The highest entropy is when we have a system with many rare and specific messages. The lowest entropy with frequent and general messages. In between, we have a spectrum of entropy-equivalent systems which might have both rare and general messages or frequent but specific messages.

Answer 13

I don't think it is possible to give you a universal "intuitive" answer. I'll give you answer that is intuitive for some people, such as physicists. Logarithm is there to get the average energy of the system. Here's details.

Shannon used a word "entropy" because he adapted the concept from statistical mechanics. In statistical mechanics there's a seminal distribution named after Boltzmann. Interestingly, it's an important distribution now in machine learning!

The Boltzmann distribution can be written as $$P=e^{\frac{a-E} b}$$ where $a, b$ are constants, and $E$ is the energy of the system in a state $dV$ of the state space $V$. In classical thermodynamics $dV=dpdx$, where $x,p$ are a coordinate and momentum of the particle. It's a proper probability function when constants $a,b$ are selected properly, i.e. $\int_VPdV=1$. Also, you may find it interesting that $b$ corresponds to a temperature of the system.

Now, notice how $\ln P\sim E$, i.e. a log of probability is linear (proportional) to energy. Now, you can see that the following expression is essentially an expected value of energy of the system: $$S\equiv -\int_VP\ln P dV=<E>$$ This is what Gibbs did.

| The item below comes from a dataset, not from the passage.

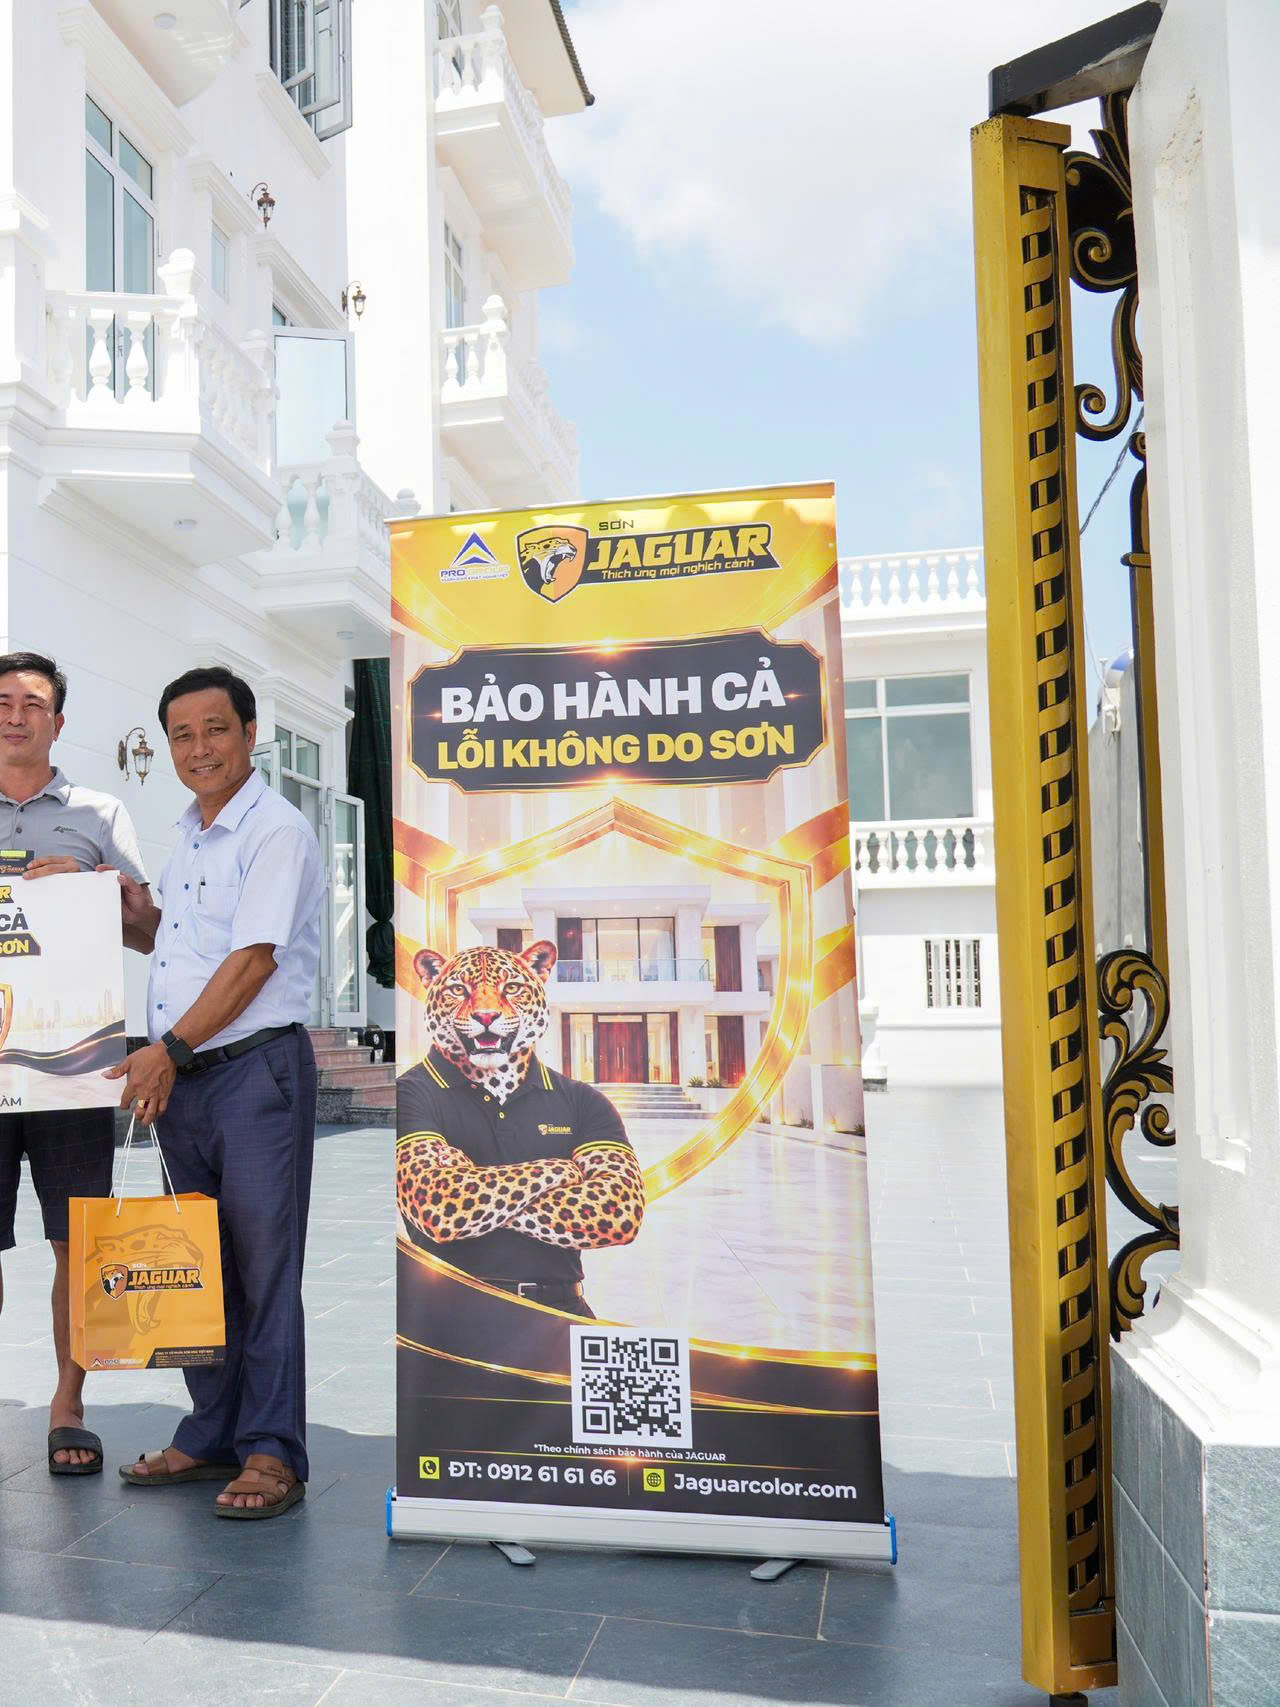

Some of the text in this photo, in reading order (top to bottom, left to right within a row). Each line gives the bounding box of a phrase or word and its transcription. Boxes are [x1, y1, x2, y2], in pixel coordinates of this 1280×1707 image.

So, Shannon took this thing and discretized as $$\eta=-\sum_i P_i\ln P_i$$ and called it "entropy," and we call this "Shannon entropy." There's no more energy concept here, but maybe you could anti-log the probability of a state $e^{-P_i}$ and call this an energy of the state?

Is this intuitive enough for you? It is for me, but I was a theoretical physicist in past life. Also, you can go to a deeper level of intuition by linking to even older thermodynamics concepts such as temperature and works of Boltzmann and Clausius.